Friday 2 December 2016

Novel Spotlight: A & B by J.C. Lillis

Thrilled to be putting the spotlight on this one, folks. If you have a teen in your house, know a teen or were a teen, click the BUY IT NOW button on Amazon. You're welcome.

A & B by J.C. Lillis




ABOUT THE BOOK

Eighteen-year-old Barrie Krumholtz is a super-tall optimist hell-bent on a single goal: securing a slot on Pop University, a reality show for singer-songwriters helmed by her #1 musical idol. When she humiliates herself on national TV and loses a spot in the finals to smug balladeer Ava Alvarez, the door to Barrie’s well-hidden dark side swings open.

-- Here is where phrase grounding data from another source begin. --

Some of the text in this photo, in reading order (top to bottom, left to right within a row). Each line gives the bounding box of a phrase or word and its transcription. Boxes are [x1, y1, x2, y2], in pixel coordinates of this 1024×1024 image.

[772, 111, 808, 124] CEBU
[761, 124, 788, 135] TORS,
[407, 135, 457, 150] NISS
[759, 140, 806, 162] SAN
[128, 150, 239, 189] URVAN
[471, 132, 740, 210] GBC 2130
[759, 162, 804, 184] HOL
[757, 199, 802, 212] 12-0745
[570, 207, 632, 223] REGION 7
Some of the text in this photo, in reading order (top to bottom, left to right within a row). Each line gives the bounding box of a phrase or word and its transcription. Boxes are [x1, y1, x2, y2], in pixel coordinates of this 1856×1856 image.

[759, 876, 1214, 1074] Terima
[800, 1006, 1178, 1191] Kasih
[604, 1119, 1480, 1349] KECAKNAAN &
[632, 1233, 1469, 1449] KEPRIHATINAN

Never a quitter, she uses her bitter envy of Ava to shape a bold new artistic direction, and people love it. But when Ava ropes her into a secret collaboration, it sparks feelings neither girl expected—feelings that might threaten their creative identities and distract them from their professional goals.

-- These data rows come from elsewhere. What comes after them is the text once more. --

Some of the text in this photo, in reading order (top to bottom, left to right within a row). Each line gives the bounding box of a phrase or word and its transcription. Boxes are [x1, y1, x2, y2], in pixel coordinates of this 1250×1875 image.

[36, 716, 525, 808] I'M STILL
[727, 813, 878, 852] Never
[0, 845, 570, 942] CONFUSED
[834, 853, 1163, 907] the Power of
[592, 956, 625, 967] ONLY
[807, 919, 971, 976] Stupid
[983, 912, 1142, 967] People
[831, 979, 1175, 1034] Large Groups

Can love and ambition live side by side? Is happiness an art-killer? They’ll figure it out with the help of a blue guitar named Fernando, a keyboard named Rosalinda, and a few new friends who feel like home.

(Rated R for Rivalry, Romance, and Really Neat Subplot featuring Brandon and Abel from How to Repair a Mechanical Heart.)

WHERE TO GET IT

Amazon
Barnes & Noble
(It’s only available as an ebook right now, but the paperback should be out by January. If you’d like a paper copy, stay tuned for updates!)





ABOUT THE AUTHOR





So about me. I am a veteran of eight tempestuous Internet fandoms, three Catholic schools, and countless crushes on fictional characters. I live in Baltimore with my awesome and patient family and a ragtag band of tropical fish, some of which will probably be dead by the time you read this. I obsess over thrift store art, homemade dollhouses, second-tier 80s sitcoms, koi ponds, retrofuturism, Game of Thrones, Edward Gorey, and peanut butter and banana sandwiches.

My mom still has my first batch of homemade books. I wrote them when I was six or seven, on stapled pieces of construction paper. They were about a family of talking silverware, a gray shoe who lost her mate, and my father’s grim adventures at his office and in “Giantland” (vastly different locales, though in both places he was shouted at by the disembodied head of his boss). I’ve been trying to top the Giantland story ever since. Maybe this will be my year.